§ **WHAT TO PRODUCE**
When you copy the data that follows, reproduce every word exactly and leave out the images.

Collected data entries
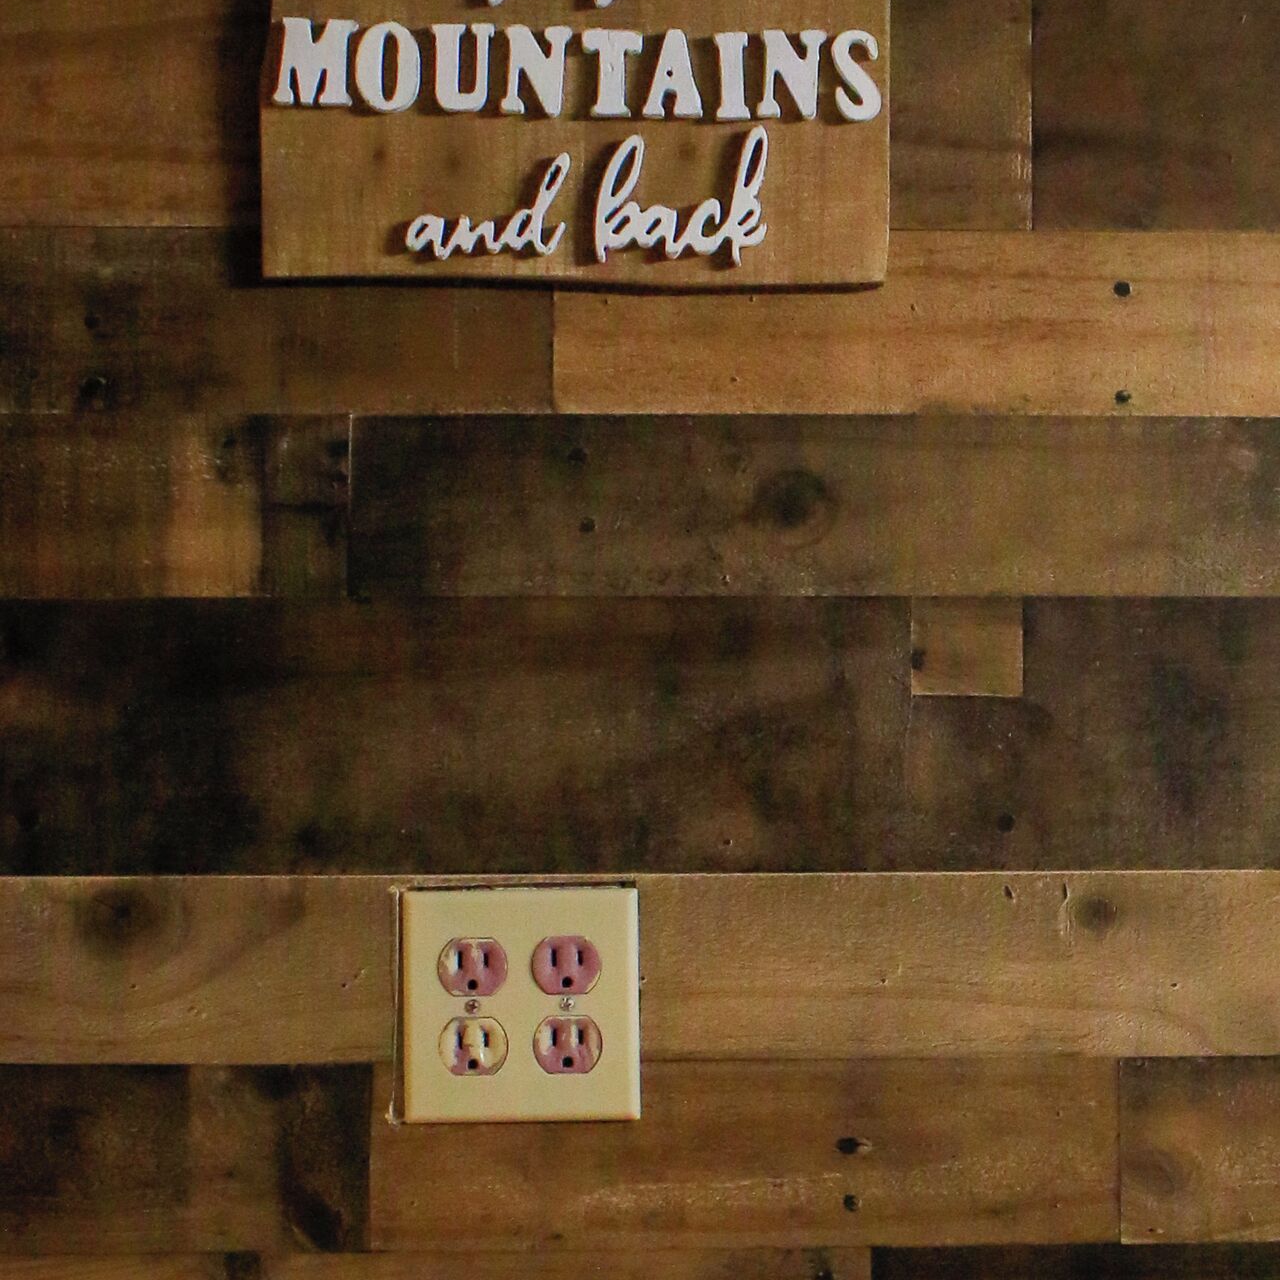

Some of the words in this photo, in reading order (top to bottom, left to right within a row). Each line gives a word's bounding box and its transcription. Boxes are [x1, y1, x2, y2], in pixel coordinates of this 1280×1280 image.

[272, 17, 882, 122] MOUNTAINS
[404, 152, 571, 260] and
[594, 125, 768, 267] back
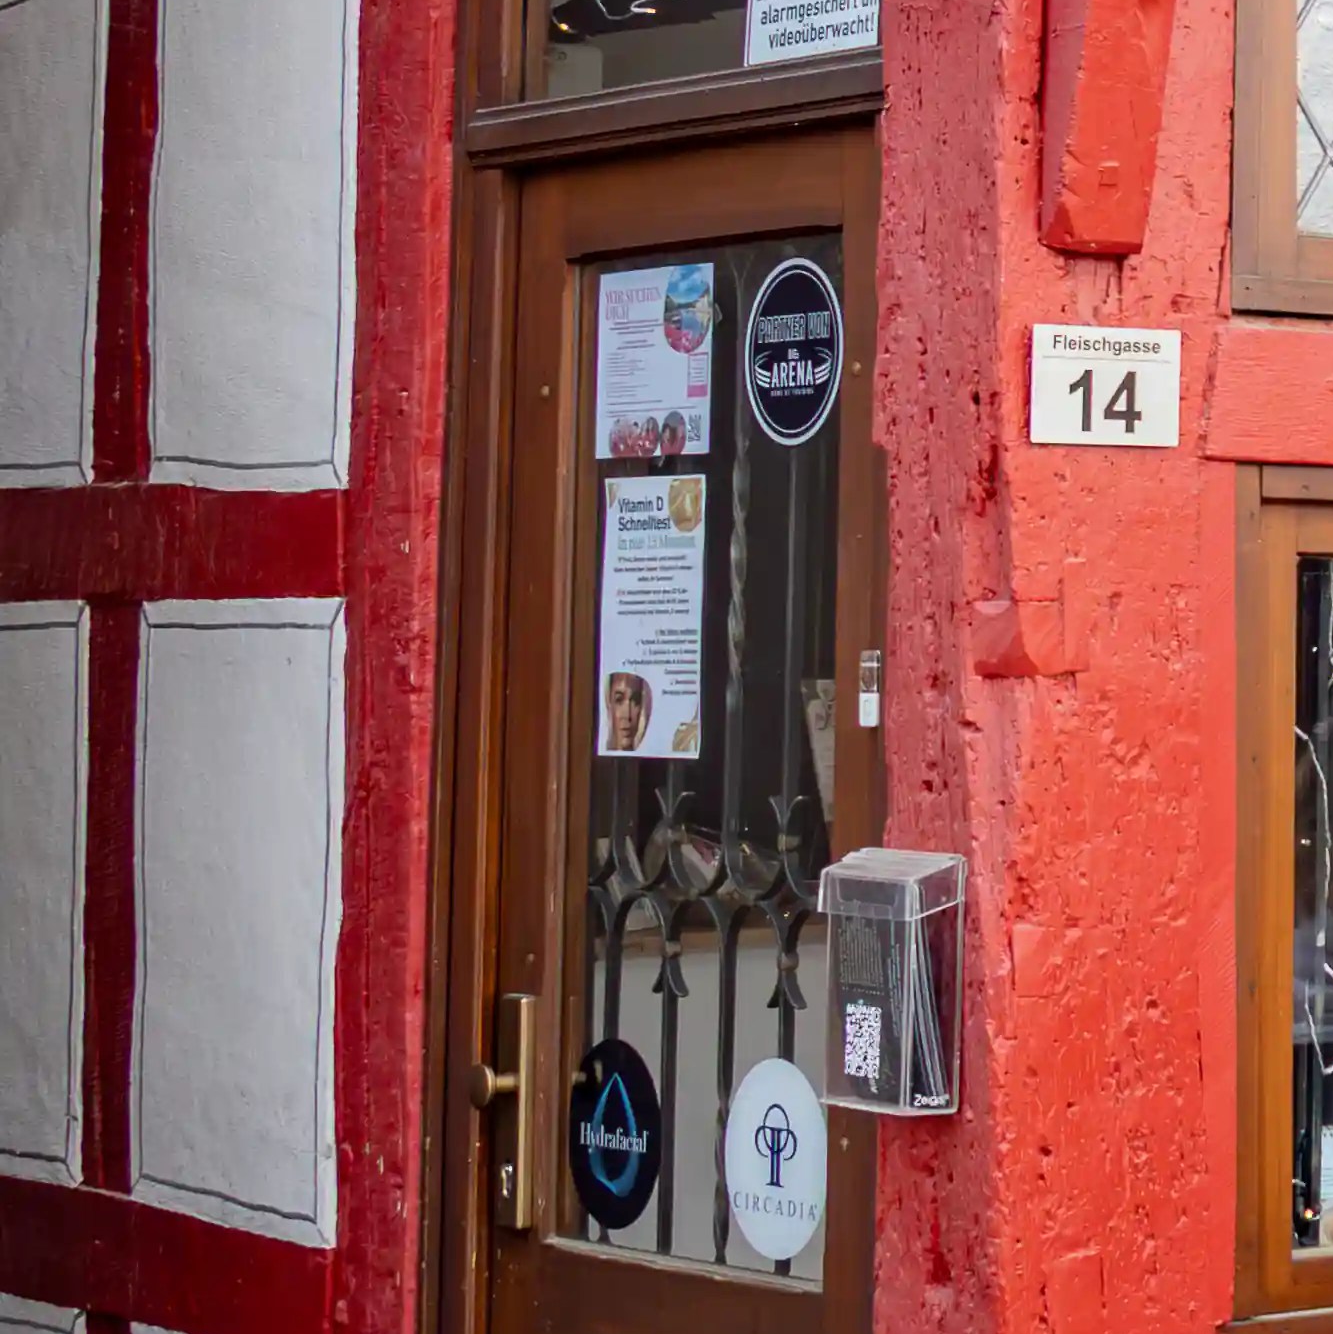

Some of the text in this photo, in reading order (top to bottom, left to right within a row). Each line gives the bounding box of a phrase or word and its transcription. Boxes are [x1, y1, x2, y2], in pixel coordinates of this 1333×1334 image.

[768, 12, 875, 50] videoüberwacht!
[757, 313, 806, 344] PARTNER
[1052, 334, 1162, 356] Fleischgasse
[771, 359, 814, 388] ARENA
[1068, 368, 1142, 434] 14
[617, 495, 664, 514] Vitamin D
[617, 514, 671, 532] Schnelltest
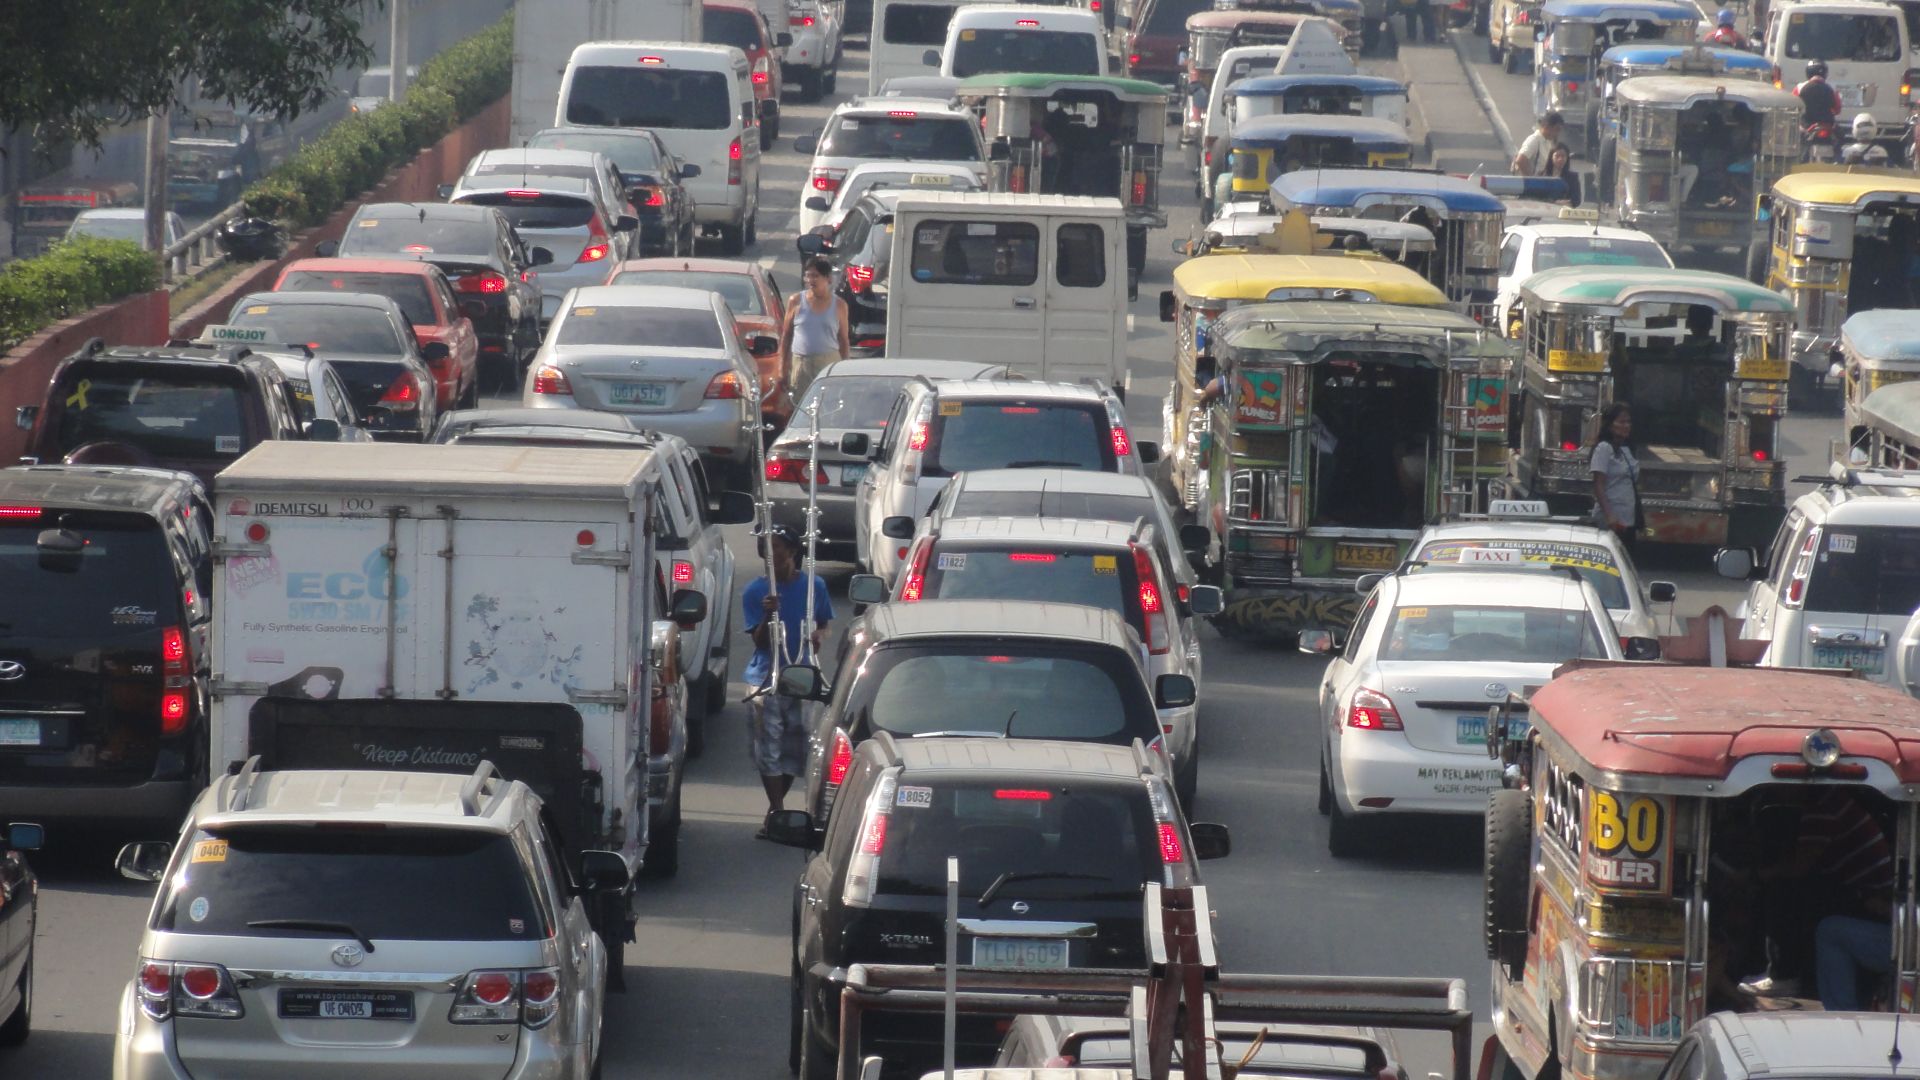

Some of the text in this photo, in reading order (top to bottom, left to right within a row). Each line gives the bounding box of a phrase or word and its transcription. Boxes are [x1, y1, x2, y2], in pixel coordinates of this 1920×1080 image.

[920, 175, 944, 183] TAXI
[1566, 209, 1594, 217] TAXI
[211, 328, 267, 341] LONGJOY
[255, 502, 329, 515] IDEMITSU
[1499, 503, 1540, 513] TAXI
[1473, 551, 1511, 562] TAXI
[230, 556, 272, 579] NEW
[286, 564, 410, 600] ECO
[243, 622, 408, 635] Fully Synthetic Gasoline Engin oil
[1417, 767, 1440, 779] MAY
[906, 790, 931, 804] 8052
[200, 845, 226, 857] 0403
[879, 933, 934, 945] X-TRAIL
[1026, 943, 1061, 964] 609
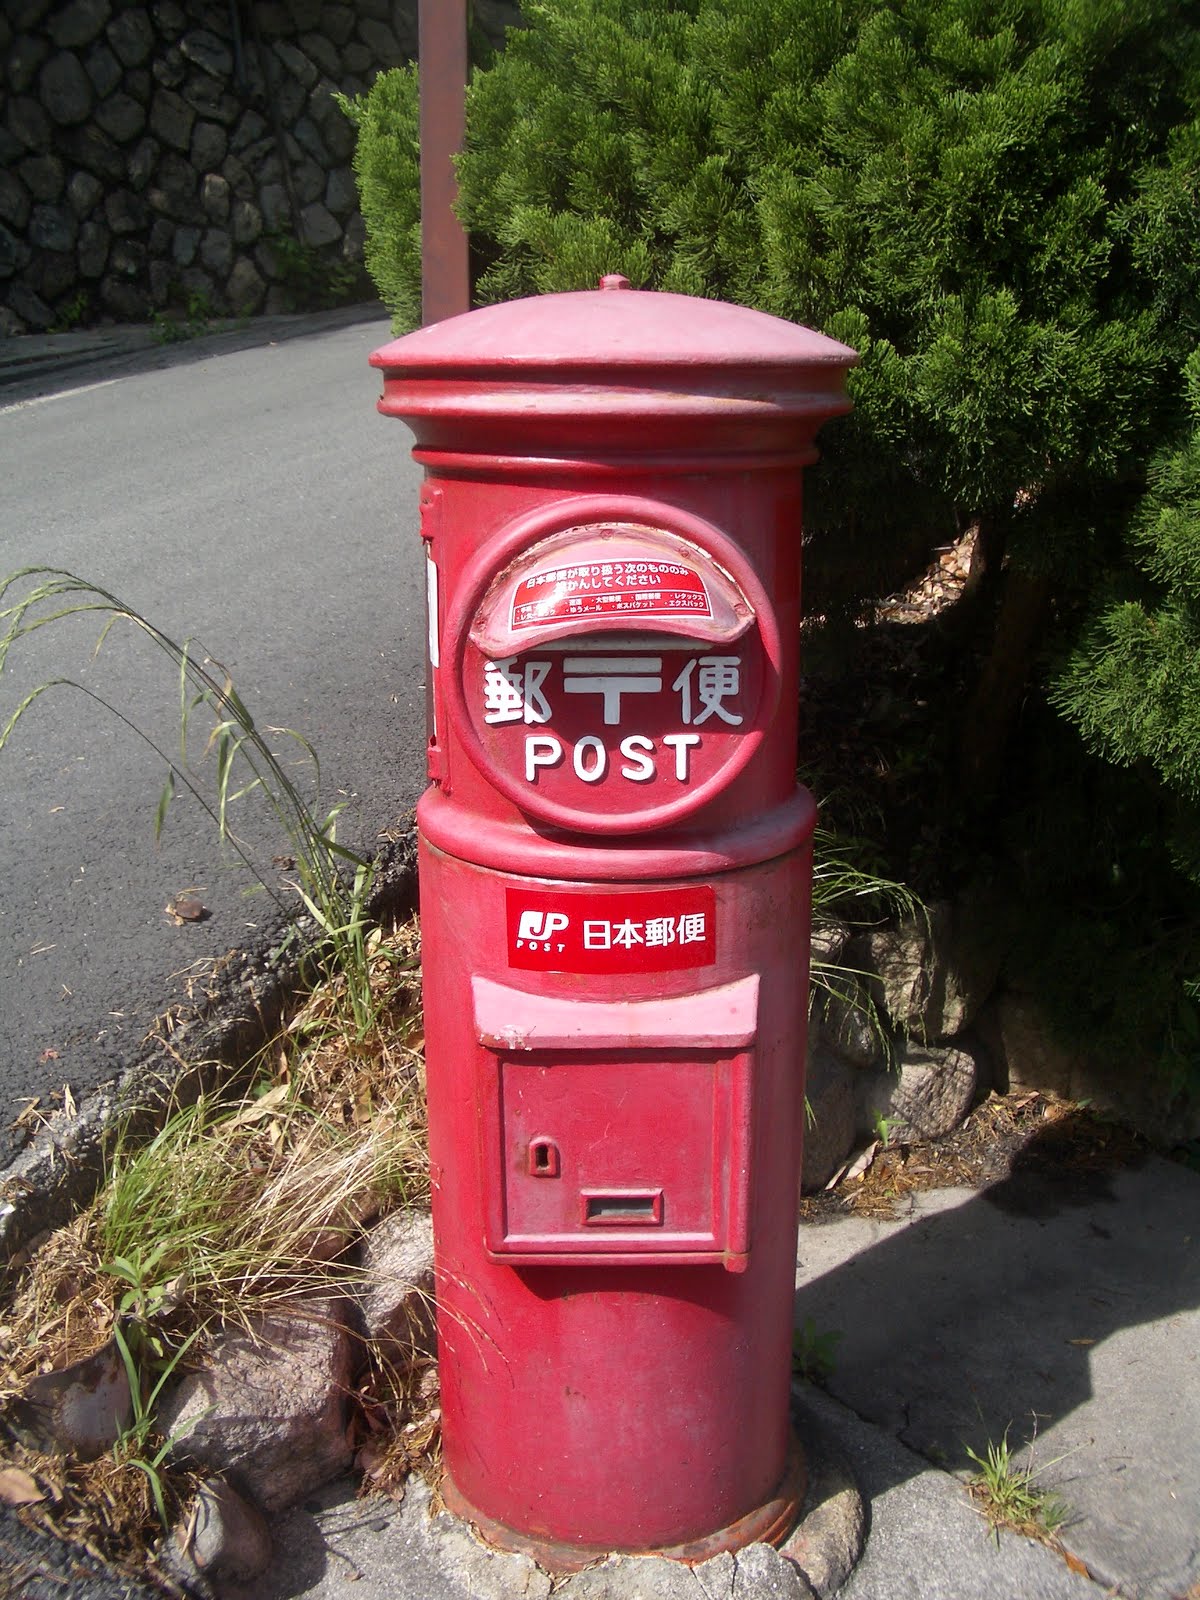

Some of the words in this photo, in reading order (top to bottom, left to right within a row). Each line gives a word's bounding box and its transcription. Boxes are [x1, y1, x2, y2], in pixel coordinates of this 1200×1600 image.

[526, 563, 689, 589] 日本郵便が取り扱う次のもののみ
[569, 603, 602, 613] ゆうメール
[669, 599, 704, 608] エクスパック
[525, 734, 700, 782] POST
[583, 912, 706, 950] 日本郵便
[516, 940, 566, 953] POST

§ **RESPONSE FOR THIS EXERCISE**
Some of the words in this photo, in reading order (top to bottom, left to right within a row). Each line gives a word's bounding box and its transcription. Boxes are [x1, y1, x2, y2], in pixel coordinates of this 1280×1280 image.

[272, 17, 882, 122] MOUNTAINS
[404, 152, 571, 260] and
[594, 125, 768, 267] back

Some of the text in this photo, in reading order (top to bottom, left to right within a row). Each line gives the bounding box of a phrase or word and its transcription. Boxes are [x1, y1, x2, y2], in pixel coordinates of this 1333×1334 image.

[768, 12, 875, 50] videoüberwacht!
[757, 313, 806, 344] PARTNER
[1052, 334, 1162, 356] Fleischgasse
[771, 359, 814, 388] ARENA
[1068, 368, 1142, 434] 14
[617, 495, 664, 514] Vitamin D
[617, 514, 671, 532] Schnelltest

Some of the text in this photo, in reading order (top to bottom, left to right within a row). Each line gives the bounding box of a phrase or word and its transcription. Boxes are [x1, y1, x2, y2], in pixel coordinates of this 1920×1080 image.

[920, 175, 944, 183] TAXI
[1566, 209, 1594, 217] TAXI
[211, 328, 267, 341] LONGJOY
[255, 502, 329, 515] IDEMITSU
[1499, 503, 1540, 513] TAXI
[1473, 551, 1511, 562] TAXI
[230, 556, 272, 579] NEW
[286, 564, 410, 600] ECO
[243, 622, 408, 635] Fully Synthetic Gasoline Engin oil
[1417, 767, 1440, 779] MAY
[906, 790, 931, 804] 8052
[200, 845, 226, 857] 0403
[879, 933, 934, 945] X-TRAIL
[1026, 943, 1061, 964] 609

Some of the words in this photo, in reading order (top to bottom, left to right within a row). Each line gives a word's bounding box and its transcription. Boxes are [x1, y1, x2, y2], in pixel coordinates of this 1200×1600 image.

[526, 563, 689, 589] 日本郵便が取り扱う次のもののみ
[569, 603, 602, 613] ゆうメール
[669, 599, 704, 608] エクスパック
[525, 734, 700, 782] POST
[583, 912, 706, 950] 日本郵便
[516, 940, 566, 953] POST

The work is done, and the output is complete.